--- Records provided ---
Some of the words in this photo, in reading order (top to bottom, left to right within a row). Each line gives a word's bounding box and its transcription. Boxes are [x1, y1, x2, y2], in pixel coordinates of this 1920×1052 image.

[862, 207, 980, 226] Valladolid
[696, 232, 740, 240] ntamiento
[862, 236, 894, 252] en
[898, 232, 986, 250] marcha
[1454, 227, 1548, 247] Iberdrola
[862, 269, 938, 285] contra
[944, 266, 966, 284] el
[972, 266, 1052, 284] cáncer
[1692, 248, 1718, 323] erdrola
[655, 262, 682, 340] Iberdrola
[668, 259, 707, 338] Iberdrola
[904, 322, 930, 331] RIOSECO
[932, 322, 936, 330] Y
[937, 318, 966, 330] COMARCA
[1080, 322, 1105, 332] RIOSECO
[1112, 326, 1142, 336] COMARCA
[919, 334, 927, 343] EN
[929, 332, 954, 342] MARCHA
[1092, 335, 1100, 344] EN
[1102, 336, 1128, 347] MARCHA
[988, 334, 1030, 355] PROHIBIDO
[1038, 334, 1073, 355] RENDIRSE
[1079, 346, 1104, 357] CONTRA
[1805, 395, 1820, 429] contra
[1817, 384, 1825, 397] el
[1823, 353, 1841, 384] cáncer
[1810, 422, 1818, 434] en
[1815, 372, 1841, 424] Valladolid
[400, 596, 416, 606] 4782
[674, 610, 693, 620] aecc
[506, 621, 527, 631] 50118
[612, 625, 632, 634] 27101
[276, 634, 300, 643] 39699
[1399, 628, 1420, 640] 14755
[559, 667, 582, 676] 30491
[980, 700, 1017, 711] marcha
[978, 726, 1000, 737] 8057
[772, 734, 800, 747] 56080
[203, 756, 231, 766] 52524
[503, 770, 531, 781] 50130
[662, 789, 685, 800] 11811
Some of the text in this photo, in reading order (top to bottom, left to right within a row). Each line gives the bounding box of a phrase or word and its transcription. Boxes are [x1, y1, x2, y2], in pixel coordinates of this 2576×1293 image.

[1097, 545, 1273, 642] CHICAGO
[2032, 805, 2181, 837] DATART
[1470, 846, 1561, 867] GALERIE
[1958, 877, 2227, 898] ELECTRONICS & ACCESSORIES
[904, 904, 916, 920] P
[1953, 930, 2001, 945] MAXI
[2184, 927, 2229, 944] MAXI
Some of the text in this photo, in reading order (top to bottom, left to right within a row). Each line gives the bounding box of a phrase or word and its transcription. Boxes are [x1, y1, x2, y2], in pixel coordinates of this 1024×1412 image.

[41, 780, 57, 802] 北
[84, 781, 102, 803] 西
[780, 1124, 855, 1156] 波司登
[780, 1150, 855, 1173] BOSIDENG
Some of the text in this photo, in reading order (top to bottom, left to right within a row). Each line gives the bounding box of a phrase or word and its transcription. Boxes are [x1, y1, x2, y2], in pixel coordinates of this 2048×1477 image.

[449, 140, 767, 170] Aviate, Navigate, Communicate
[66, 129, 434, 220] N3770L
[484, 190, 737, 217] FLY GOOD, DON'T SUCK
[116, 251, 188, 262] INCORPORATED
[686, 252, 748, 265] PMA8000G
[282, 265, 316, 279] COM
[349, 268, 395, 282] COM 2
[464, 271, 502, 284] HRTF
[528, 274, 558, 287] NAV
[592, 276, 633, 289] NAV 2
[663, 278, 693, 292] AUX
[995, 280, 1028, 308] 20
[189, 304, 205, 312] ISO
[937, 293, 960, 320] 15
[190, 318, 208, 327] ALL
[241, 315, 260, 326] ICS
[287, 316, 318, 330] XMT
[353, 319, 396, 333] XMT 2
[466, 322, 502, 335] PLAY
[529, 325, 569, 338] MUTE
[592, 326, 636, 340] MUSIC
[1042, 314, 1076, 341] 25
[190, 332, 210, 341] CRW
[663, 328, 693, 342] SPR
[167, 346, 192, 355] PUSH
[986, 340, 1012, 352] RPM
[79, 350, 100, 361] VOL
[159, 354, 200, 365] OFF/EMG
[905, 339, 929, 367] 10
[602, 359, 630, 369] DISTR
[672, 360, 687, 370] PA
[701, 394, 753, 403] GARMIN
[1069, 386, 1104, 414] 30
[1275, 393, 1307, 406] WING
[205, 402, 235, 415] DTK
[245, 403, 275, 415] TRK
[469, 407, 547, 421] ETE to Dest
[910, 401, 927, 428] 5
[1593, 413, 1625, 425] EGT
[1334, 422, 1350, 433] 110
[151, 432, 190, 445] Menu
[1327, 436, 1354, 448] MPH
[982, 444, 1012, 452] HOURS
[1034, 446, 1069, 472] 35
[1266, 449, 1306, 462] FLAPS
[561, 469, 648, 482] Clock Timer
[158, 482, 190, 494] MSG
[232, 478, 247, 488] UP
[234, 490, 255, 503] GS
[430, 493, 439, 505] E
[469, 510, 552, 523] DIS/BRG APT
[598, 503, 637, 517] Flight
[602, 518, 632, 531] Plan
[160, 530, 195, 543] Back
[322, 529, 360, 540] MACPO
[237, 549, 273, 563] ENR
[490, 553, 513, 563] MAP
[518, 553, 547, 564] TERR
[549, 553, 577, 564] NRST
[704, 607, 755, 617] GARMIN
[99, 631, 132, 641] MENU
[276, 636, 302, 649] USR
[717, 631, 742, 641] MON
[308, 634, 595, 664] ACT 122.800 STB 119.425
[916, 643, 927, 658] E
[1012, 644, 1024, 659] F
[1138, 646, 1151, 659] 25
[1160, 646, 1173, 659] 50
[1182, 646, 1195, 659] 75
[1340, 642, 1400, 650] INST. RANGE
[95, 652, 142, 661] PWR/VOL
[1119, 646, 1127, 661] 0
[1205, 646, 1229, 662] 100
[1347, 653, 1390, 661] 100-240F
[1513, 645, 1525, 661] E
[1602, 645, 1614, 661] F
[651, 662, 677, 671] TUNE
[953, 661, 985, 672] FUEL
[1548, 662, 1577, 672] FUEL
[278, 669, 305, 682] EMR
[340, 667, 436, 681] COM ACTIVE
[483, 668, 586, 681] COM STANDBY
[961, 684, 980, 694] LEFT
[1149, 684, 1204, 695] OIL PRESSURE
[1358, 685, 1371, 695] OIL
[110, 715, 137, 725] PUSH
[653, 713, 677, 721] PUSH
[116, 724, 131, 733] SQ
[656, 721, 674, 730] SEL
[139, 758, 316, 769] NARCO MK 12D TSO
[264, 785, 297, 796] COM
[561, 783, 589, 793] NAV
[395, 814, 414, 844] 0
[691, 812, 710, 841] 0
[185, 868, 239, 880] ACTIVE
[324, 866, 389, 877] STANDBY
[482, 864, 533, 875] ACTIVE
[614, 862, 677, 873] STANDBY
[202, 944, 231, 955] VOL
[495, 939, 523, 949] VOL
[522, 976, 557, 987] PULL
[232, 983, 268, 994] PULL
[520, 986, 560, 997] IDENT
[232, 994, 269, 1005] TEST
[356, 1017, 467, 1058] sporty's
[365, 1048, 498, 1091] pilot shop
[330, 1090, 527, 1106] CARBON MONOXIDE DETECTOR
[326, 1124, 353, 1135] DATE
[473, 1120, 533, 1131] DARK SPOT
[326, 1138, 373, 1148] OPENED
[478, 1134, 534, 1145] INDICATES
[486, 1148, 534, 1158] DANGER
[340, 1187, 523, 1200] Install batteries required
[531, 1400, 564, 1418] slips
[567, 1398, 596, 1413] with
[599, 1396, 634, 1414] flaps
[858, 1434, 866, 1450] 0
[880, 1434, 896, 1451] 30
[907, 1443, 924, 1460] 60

--- Exercise goal ---
All of the entries above are to be printed again exactly.

--- Answer space ---
Some of the words in this photo, in reading order (top to bottom, left to right within a row). Each line gives a word's bounding box and its transcription. Boxes are [x1, y1, x2, y2], in pixel coordinates of this 1920×1052 image.

[862, 207, 980, 226] Valladolid
[696, 232, 740, 240] ntamiento
[862, 236, 894, 252] en
[898, 232, 986, 250] marcha
[1454, 227, 1548, 247] Iberdrola
[862, 269, 938, 285] contra
[944, 266, 966, 284] el
[972, 266, 1052, 284] cáncer
[1692, 248, 1718, 323] erdrola
[655, 262, 682, 340] Iberdrola
[668, 259, 707, 338] Iberdrola
[904, 322, 930, 331] RIOSECO
[932, 322, 936, 330] Y
[937, 318, 966, 330] COMARCA
[1080, 322, 1105, 332] RIOSECO
[1112, 326, 1142, 336] COMARCA
[919, 334, 927, 343] EN
[929, 332, 954, 342] MARCHA
[1092, 335, 1100, 344] EN
[1102, 336, 1128, 347] MARCHA
[988, 334, 1030, 355] PROHIBIDO
[1038, 334, 1073, 355] RENDIRSE
[1079, 346, 1104, 357] CONTRA
[1805, 395, 1820, 429] contra
[1817, 384, 1825, 397] el
[1823, 353, 1841, 384] cáncer
[1810, 422, 1818, 434] en
[1815, 372, 1841, 424] Valladolid
[400, 596, 416, 606] 4782
[674, 610, 693, 620] aecc
[506, 621, 527, 631] 50118
[612, 625, 632, 634] 27101
[276, 634, 300, 643] 39699
[1399, 628, 1420, 640] 14755
[559, 667, 582, 676] 30491
[980, 700, 1017, 711] marcha
[978, 726, 1000, 737] 8057
[772, 734, 800, 747] 56080
[203, 756, 231, 766] 52524
[503, 770, 531, 781] 50130
[662, 789, 685, 800] 11811
Some of the text in this photo, in reading order (top to bottom, left to right within a row). Each line gives the bounding box of a phrase or word and its transcription. Boxes are [x1, y1, x2, y2], in pixel coordinates of this 2576×1293 image.

[1097, 545, 1273, 642] CHICAGO
[2032, 805, 2181, 837] DATART
[1470, 846, 1561, 867] GALERIE
[1958, 877, 2227, 898] ELECTRONICS & ACCESSORIES
[904, 904, 916, 920] P
[1953, 930, 2001, 945] MAXI
[2184, 927, 2229, 944] MAXI
Some of the text in this photo, in reading order (top to bottom, left to right within a row). Each line gives the bounding box of a phrase or word and its transcription. Boxes are [x1, y1, x2, y2], in pixel coordinates of this 1024×1412 image.

[41, 780, 57, 802] 北
[84, 781, 102, 803] 西
[780, 1124, 855, 1156] 波司登
[780, 1150, 855, 1173] BOSIDENG
Some of the text in this photo, in reading order (top to bottom, left to right within a row). Each line gives the bounding box of a phrase or word and its transcription. Boxes are [x1, y1, x2, y2], in pixel coordinates of this 2048×1477 image.

[449, 140, 767, 170] Aviate, Navigate, Communicate
[66, 129, 434, 220] N3770L
[484, 190, 737, 217] FLY GOOD, DON'T SUCK
[116, 251, 188, 262] INCORPORATED
[686, 252, 748, 265] PMA8000G
[282, 265, 316, 279] COM
[349, 268, 395, 282] COM 2
[464, 271, 502, 284] HRTF
[528, 274, 558, 287] NAV
[592, 276, 633, 289] NAV 2
[663, 278, 693, 292] AUX
[995, 280, 1028, 308] 20
[189, 304, 205, 312] ISO
[937, 293, 960, 320] 15
[190, 318, 208, 327] ALL
[241, 315, 260, 326] ICS
[287, 316, 318, 330] XMT
[353, 319, 396, 333] XMT 2
[466, 322, 502, 335] PLAY
[529, 325, 569, 338] MUTE
[592, 326, 636, 340] MUSIC
[1042, 314, 1076, 341] 25
[190, 332, 210, 341] CRW
[663, 328, 693, 342] SPR
[167, 346, 192, 355] PUSH
[986, 340, 1012, 352] RPM
[79, 350, 100, 361] VOL
[159, 354, 200, 365] OFF/EMG
[905, 339, 929, 367] 10
[602, 359, 630, 369] DISTR
[672, 360, 687, 370] PA
[701, 394, 753, 403] GARMIN
[1069, 386, 1104, 414] 30
[1275, 393, 1307, 406] WING
[205, 402, 235, 415] DTK
[245, 403, 275, 415] TRK
[469, 407, 547, 421] ETE to Dest
[910, 401, 927, 428] 5
[1593, 413, 1625, 425] EGT
[1334, 422, 1350, 433] 110
[151, 432, 190, 445] Menu
[1327, 436, 1354, 448] MPH
[982, 444, 1012, 452] HOURS
[1034, 446, 1069, 472] 35
[1266, 449, 1306, 462] FLAPS
[561, 469, 648, 482] Clock Timer
[158, 482, 190, 494] MSG
[232, 478, 247, 488] UP
[234, 490, 255, 503] GS
[430, 493, 439, 505] E
[469, 510, 552, 523] DIS/BRG APT
[598, 503, 637, 517] Flight
[602, 518, 632, 531] Plan
[160, 530, 195, 543] Back
[322, 529, 360, 540] MACPO
[237, 549, 273, 563] ENR
[490, 553, 513, 563] MAP
[518, 553, 547, 564] TERR
[549, 553, 577, 564] NRST
[704, 607, 755, 617] GARMIN
[99, 631, 132, 641] MENU
[276, 636, 302, 649] USR
[717, 631, 742, 641] MON
[308, 634, 595, 664] ACT 122.800 STB 119.425
[916, 643, 927, 658] E
[1012, 644, 1024, 659] F
[1138, 646, 1151, 659] 25
[1160, 646, 1173, 659] 50
[1182, 646, 1195, 659] 75
[1340, 642, 1400, 650] INST. RANGE
[95, 652, 142, 661] PWR/VOL
[1119, 646, 1127, 661] 0
[1205, 646, 1229, 662] 100
[1347, 653, 1390, 661] 100-240F
[1513, 645, 1525, 661] E
[1602, 645, 1614, 661] F
[651, 662, 677, 671] TUNE
[953, 661, 985, 672] FUEL
[1548, 662, 1577, 672] FUEL
[278, 669, 305, 682] EMR
[340, 667, 436, 681] COM ACTIVE
[483, 668, 586, 681] COM STANDBY
[961, 684, 980, 694] LEFT
[1149, 684, 1204, 695] OIL PRESSURE
[1358, 685, 1371, 695] OIL
[110, 715, 137, 725] PUSH
[653, 713, 677, 721] PUSH
[116, 724, 131, 733] SQ
[656, 721, 674, 730] SEL
[139, 758, 316, 769] NARCO MK 12D TSO
[264, 785, 297, 796] COM
[561, 783, 589, 793] NAV
[395, 814, 414, 844] 0
[691, 812, 710, 841] 0
[185, 868, 239, 880] ACTIVE
[324, 866, 389, 877] STANDBY
[482, 864, 533, 875] ACTIVE
[614, 862, 677, 873] STANDBY
[202, 944, 231, 955] VOL
[495, 939, 523, 949] VOL
[522, 976, 557, 987] PULL
[232, 983, 268, 994] PULL
[520, 986, 560, 997] IDENT
[232, 994, 269, 1005] TEST
[356, 1017, 467, 1058] sporty's
[365, 1048, 498, 1091] pilot shop
[330, 1090, 527, 1106] CARBON MONOXIDE DETECTOR
[326, 1124, 353, 1135] DATE
[473, 1120, 533, 1131] DARK SPOT
[326, 1138, 373, 1148] OPENED
[478, 1134, 534, 1145] INDICATES
[486, 1148, 534, 1158] DANGER
[340, 1187, 523, 1200] Install batteries required
[531, 1400, 564, 1418] slips
[567, 1398, 596, 1413] with
[599, 1396, 634, 1414] flaps
[858, 1434, 866, 1450] 0
[880, 1434, 896, 1451] 30
[907, 1443, 924, 1460] 60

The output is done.